Review of John Boswell, Same Sex Unions in Pre-Modern Europe (1995)


Boswell Reviews


Same-Sex Unions in Premodern Europe by John Boswell New York: Villard Books, 1994, 413 pp., $25.00.

Street Zen: The Life and Work of Issan Dorsey by David Schneider Boston: Shambhala, 1993, 239 pp., $13.00.

Lee, Rand, Book review.., Vol. 17, ReVision, 01-01-1995, pp 39.

By Rand B. Lee Rand B. Lee is a writer and lecturer specializing in issues of male incest, life-purpose clarification, and intuition development. An amateur garden historian, he is founder and president of the American Dianthus Society and co-editor of The American Cottage Gardener, a quarterly. He holds a B.A. in religious education from The Washington Bible College. He lives in Santa Fe, New Mexico, with his blind husky, Moon-Pie.

These books, as different from one another as night and day, disturb in precisely the same way: by presenting the vision of an exuberant homosexuality embedded within traditional religion, neither doing violence to the other.

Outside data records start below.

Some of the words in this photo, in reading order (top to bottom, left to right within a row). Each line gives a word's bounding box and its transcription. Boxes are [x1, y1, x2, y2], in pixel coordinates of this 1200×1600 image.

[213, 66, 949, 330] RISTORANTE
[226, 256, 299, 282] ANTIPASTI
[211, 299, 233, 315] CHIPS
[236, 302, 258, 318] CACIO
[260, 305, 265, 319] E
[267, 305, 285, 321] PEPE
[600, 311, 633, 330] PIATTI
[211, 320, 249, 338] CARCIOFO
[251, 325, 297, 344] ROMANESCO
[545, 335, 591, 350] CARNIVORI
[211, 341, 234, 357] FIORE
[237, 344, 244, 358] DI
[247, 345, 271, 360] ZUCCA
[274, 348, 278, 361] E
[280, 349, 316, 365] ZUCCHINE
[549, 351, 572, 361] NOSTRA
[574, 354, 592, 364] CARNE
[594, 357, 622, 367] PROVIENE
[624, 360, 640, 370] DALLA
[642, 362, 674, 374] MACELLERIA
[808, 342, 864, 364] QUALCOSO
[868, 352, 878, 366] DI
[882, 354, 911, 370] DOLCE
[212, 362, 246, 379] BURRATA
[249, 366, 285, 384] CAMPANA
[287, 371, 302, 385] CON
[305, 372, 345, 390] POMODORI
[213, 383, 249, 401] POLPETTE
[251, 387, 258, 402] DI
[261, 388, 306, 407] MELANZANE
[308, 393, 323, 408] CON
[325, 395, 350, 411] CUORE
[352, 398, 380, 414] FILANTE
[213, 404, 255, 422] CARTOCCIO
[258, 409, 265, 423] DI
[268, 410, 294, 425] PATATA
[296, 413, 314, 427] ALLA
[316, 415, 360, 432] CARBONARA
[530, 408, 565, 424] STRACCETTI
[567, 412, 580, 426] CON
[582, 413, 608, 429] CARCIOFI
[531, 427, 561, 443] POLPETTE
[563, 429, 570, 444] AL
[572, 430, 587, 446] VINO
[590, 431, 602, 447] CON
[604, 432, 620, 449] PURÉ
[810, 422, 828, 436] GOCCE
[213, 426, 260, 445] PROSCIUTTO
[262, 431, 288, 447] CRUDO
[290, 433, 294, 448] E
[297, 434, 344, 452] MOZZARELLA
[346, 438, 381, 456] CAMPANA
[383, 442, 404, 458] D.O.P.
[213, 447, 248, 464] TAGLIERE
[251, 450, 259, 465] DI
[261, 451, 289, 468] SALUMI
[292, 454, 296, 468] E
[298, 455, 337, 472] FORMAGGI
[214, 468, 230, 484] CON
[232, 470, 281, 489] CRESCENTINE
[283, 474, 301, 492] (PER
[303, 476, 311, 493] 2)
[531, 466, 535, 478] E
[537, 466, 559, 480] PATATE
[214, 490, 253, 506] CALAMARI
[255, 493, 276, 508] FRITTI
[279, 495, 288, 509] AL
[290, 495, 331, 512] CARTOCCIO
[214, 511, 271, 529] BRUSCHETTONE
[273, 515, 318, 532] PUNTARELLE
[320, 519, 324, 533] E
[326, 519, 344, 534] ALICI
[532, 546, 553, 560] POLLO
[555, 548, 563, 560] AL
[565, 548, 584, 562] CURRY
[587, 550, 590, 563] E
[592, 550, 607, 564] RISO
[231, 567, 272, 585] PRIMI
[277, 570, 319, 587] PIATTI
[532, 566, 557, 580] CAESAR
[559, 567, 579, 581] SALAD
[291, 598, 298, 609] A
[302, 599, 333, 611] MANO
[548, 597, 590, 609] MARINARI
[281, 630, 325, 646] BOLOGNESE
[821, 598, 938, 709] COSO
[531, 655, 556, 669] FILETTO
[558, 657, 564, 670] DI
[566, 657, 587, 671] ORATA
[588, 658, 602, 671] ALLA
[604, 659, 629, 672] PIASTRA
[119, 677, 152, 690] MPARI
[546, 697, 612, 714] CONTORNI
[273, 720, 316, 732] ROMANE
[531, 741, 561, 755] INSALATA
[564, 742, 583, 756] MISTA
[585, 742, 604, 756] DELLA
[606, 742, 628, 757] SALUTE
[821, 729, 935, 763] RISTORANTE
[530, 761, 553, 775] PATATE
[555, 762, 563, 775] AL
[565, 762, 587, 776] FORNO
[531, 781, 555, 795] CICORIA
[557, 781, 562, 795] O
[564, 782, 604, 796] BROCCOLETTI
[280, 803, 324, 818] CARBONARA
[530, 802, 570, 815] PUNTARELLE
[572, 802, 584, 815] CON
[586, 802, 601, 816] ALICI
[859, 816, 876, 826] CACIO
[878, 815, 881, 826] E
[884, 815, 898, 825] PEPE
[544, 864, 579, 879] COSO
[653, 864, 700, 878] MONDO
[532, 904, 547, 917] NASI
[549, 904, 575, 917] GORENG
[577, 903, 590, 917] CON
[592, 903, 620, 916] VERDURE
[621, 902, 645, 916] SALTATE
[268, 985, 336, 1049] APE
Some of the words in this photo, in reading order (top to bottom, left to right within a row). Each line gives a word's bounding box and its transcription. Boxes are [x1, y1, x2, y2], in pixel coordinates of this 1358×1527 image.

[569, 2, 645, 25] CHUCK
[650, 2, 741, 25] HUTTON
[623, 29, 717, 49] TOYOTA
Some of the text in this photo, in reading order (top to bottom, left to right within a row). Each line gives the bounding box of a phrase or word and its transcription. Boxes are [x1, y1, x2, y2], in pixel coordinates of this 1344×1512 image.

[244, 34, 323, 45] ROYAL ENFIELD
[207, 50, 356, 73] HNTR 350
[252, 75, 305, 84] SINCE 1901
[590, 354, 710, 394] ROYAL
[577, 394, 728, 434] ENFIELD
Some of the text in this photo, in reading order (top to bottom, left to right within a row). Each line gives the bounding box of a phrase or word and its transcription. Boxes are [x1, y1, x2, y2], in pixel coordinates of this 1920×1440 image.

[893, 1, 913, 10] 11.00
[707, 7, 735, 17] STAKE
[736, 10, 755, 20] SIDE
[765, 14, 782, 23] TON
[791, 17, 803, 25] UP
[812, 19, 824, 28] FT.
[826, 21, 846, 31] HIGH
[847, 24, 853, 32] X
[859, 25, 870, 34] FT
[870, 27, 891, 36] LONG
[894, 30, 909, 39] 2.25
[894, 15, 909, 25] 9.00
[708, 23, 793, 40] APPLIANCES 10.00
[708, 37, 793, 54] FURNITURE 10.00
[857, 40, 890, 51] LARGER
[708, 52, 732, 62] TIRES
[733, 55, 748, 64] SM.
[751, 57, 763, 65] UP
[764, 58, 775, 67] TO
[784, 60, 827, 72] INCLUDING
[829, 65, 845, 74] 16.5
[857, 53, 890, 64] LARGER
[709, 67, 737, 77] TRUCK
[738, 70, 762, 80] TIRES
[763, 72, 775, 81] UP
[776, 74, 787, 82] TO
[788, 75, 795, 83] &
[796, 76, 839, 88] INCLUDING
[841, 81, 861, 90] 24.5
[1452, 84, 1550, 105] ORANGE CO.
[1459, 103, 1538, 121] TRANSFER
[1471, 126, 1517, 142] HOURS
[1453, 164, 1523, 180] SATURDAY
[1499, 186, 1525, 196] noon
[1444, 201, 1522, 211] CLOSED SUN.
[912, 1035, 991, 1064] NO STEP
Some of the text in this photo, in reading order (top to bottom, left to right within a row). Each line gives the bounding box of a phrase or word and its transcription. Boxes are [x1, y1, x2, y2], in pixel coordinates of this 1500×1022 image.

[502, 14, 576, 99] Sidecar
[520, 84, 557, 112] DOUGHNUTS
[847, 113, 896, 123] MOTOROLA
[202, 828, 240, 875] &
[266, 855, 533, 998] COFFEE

Same-Sex Unions in Premodern Europe is a scholarly history presenting solid documentary evidence that same-sex union ceremonies, suppressed since the fourteenth century, were once common in the Roman Catholic Church. Street Zen is the biography, by a man who knew him, of a much- honored gay Buddhist priest--a former transvestite, prostitute, thief, and junkie--who died of AIDS in 1990. Boswell's history demonstrates the astonishing elasticity with which normative moral sexual roles were viewed by Christians throughout the first millennium of Church history. Schneider's biography shows the vitality with which a marginalized population can infuse a religious body once it overcomes its prejudices enough to admit them to its ranks.

Both books have much to offer the holistic thinker, even one who is neither Christian nor Buddhist, as this reviewer is not. Just as most Westerners now assume humans can thrive only by exploiting nonrenewable global re-sources--despite the testimony of millennia of evolutionary experience and the mounting scientific and technological evidence that such ongoing exploitation is neither necessary nor possible without making the planet uninhabitable-most Westerners assume that same-sex attraction is incompatible with deep spiritual practice or social stability, despite the fact that all three have coexisted in the experience of millions throughout history. Deep ecologists, scientists engaged in "pure" research, and gender workers all know well the dangers of rigid conceptual categories; anyone interested in mental cross-training will find Boswell's history and Schneider's biography welcome category- smashers.

Both authors build their books with immense care. The multilingual Boswell quotes exhaustively from ancient documents throughout his heavily foot-noted text, beginning with an exegesis of how words we translate as love and marriage were used in the Greco-Roman world; moving on to exploring and comparing Greco-Roman heterosexual and same-sex unions; then examining how Christianity affected Greco-Roman pairing attitudes. Only then does he analyze specific heterosexual and same-sex ceremony documents. And Boswell warns the reader repeatedly of the dangers of projecting onto ancient cultures (1) "the virtual obsession of modern industrial culture" with romantic love and coupling patterns; (2) "the almost universal [modern] expectation that romantic love and marriage are inextricable, causally interrelated, and largely coterminous"; and (3) "the salient horror of homosexuality characteristic of the West since the fourteenth century."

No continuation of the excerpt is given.